Your job is to transcribe all the records that follow, excluding any pictures.

• • • •

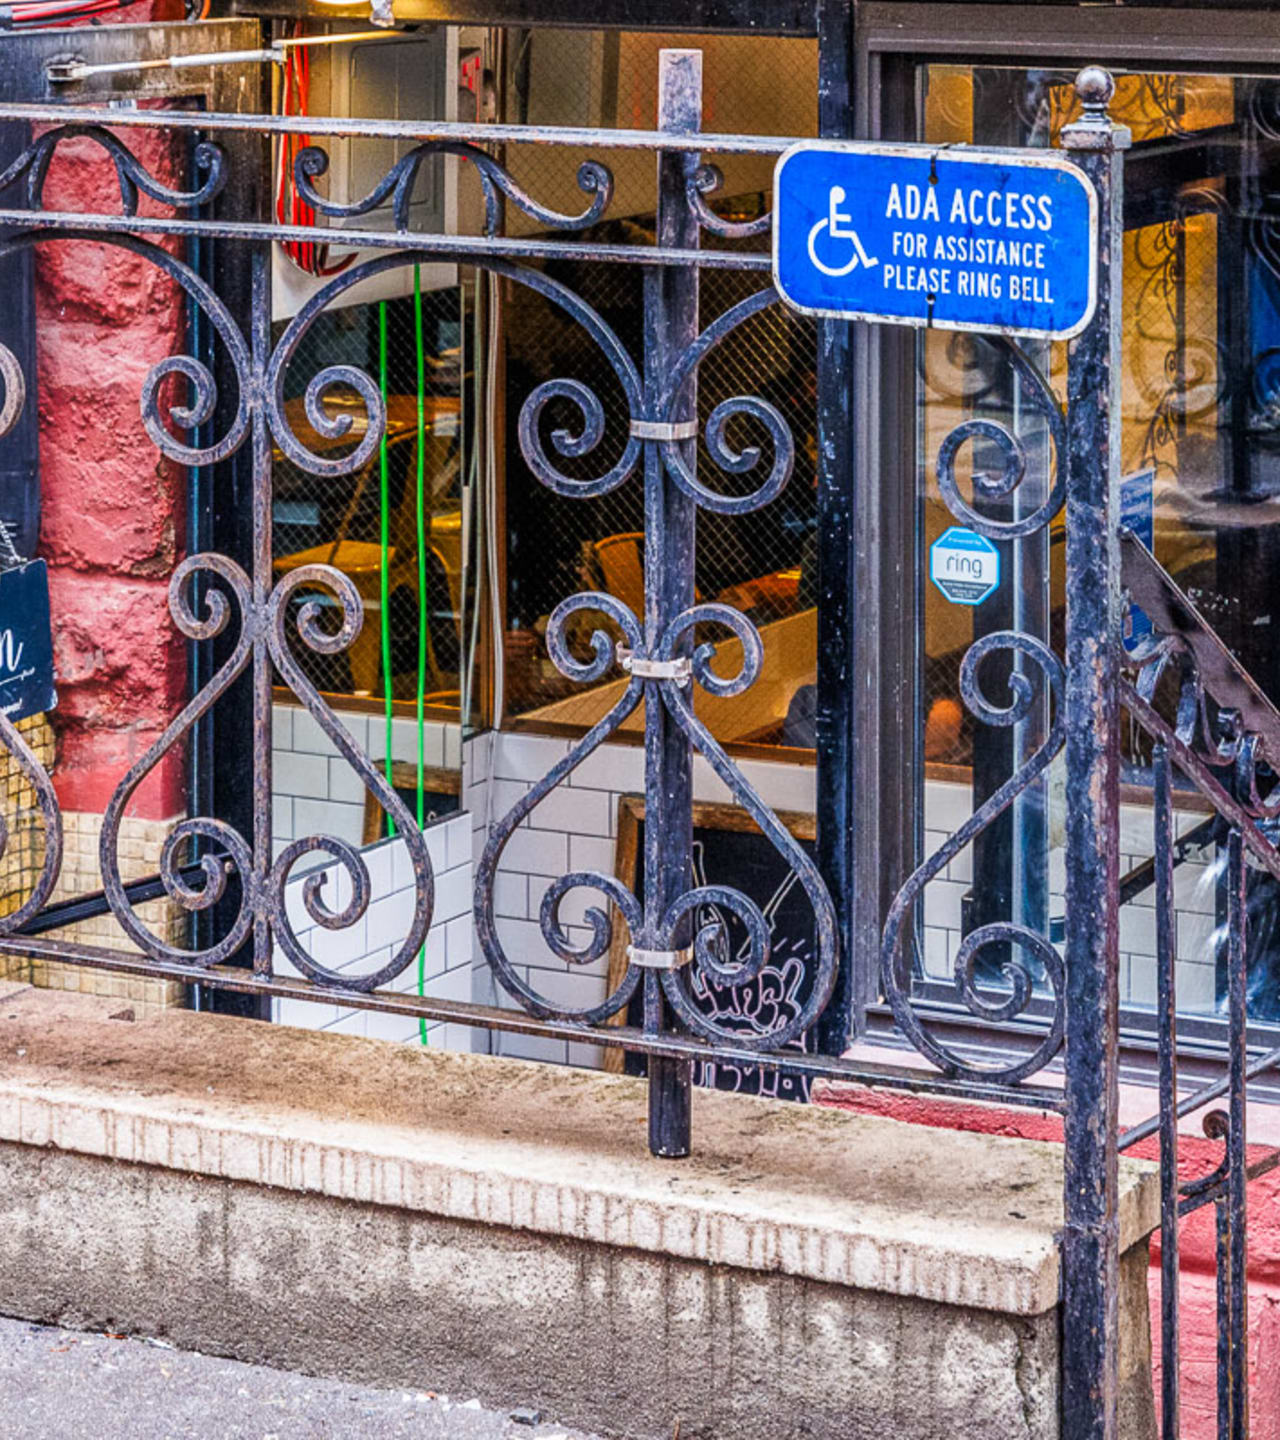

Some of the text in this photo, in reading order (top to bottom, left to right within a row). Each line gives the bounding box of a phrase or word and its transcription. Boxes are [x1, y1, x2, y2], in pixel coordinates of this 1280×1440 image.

[885, 183, 1053, 232] ADA ACCESS
[892, 231, 1046, 270] FOR ASSISTANCE
[883, 264, 1055, 305] PLEASE RING BELL
[946, 553, 982, 579] ring
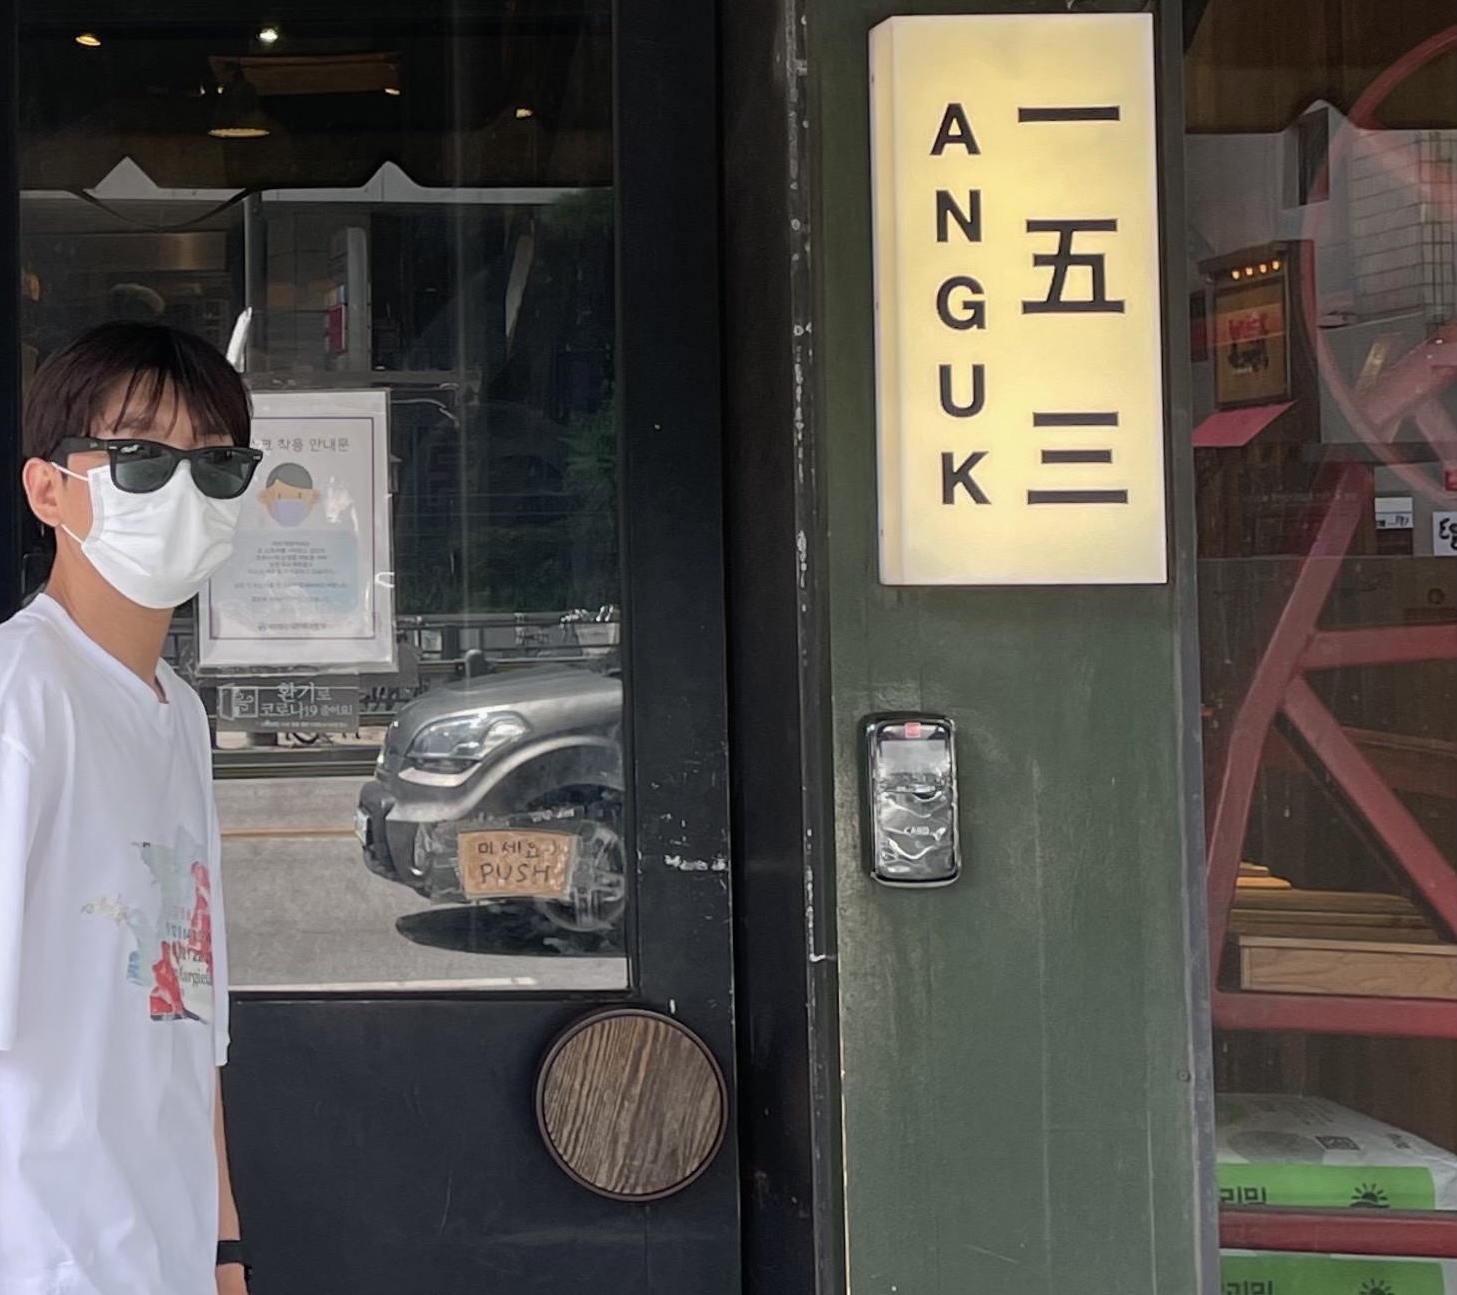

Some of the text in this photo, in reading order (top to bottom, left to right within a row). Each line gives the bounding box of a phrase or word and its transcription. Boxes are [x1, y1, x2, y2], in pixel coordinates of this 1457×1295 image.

[930, 102, 991, 505] ANGUK
[1018, 105, 1129, 504] 一五三
[278, 438, 304, 453] 착용
[309, 438, 351, 453] 안내문
[480, 862, 549, 885] PUSH
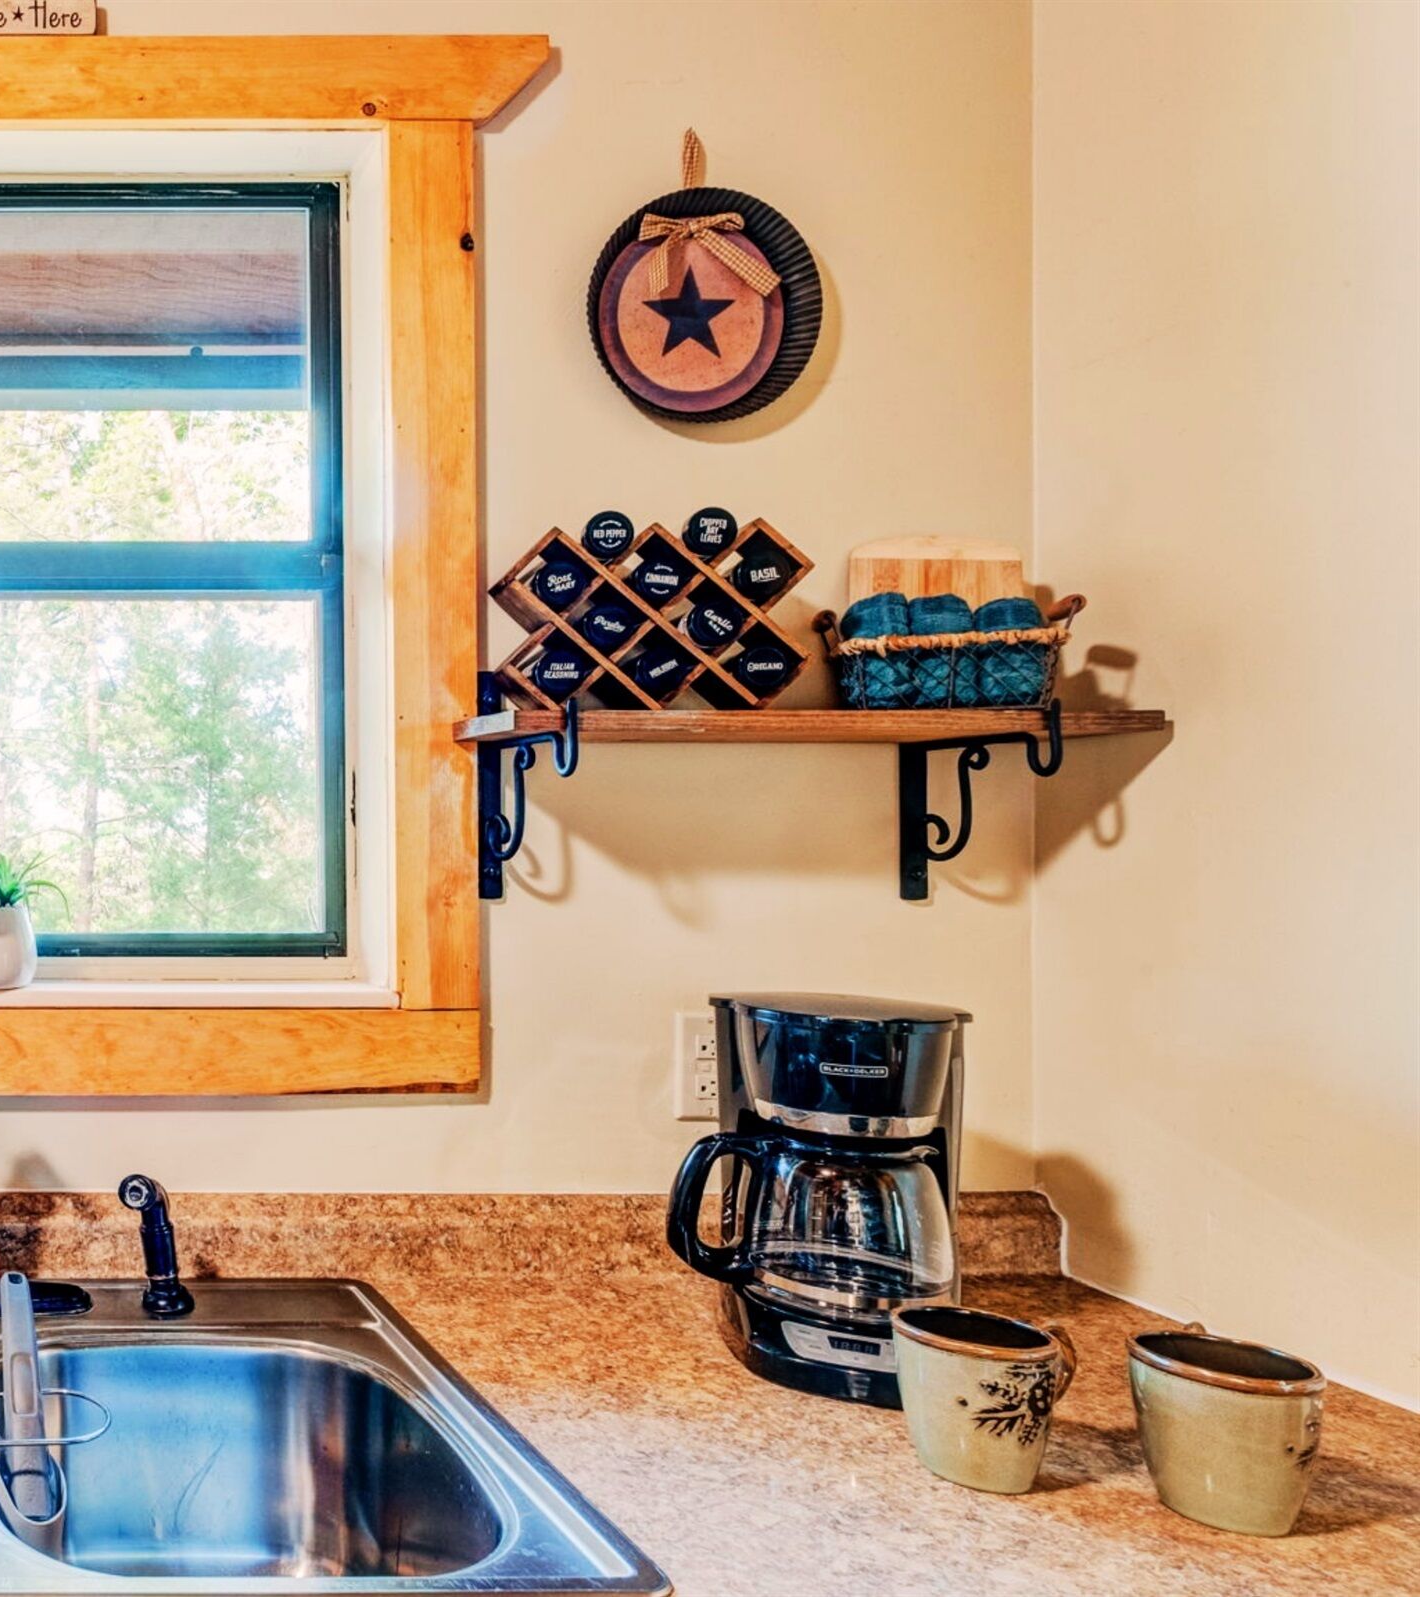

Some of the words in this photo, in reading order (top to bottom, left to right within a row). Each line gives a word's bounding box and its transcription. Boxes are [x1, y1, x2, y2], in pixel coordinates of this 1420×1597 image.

• • • •

Task solution –
Some of the text in this photo, in reading order (top to bottom, left to right within a row). Each line gives the bounding box of a phrase or word and its transcription. Boxes are [x1, y1, x2, y2], in pixel coordinates of this 1280×1440 image.

[885, 183, 1053, 232] ADA ACCESS
[892, 231, 1046, 270] FOR ASSISTANCE
[883, 264, 1055, 305] PLEASE RING BELL
[946, 553, 982, 579] ring

Some of the text in this photo, in reading order (top to bottom, left to right within a row). Each line gives the bounding box of a phrase or word and its transcription. Boxes are [x1, y1, x2, y2], in pixel coordinates of this 1457×1295 image.

[930, 102, 991, 505] ANGUK
[1018, 105, 1129, 504] 一五三
[278, 438, 304, 453] 착용
[309, 438, 351, 453] 안내문
[480, 862, 549, 885] PUSH

Some of the words in this photo, in reading order (top to bottom, left to right within a row). Each line gives a word's bounding box and its transcription. Boxes are [x1, y1, x2, y2], in pixel coordinates of this 1420×1597 image.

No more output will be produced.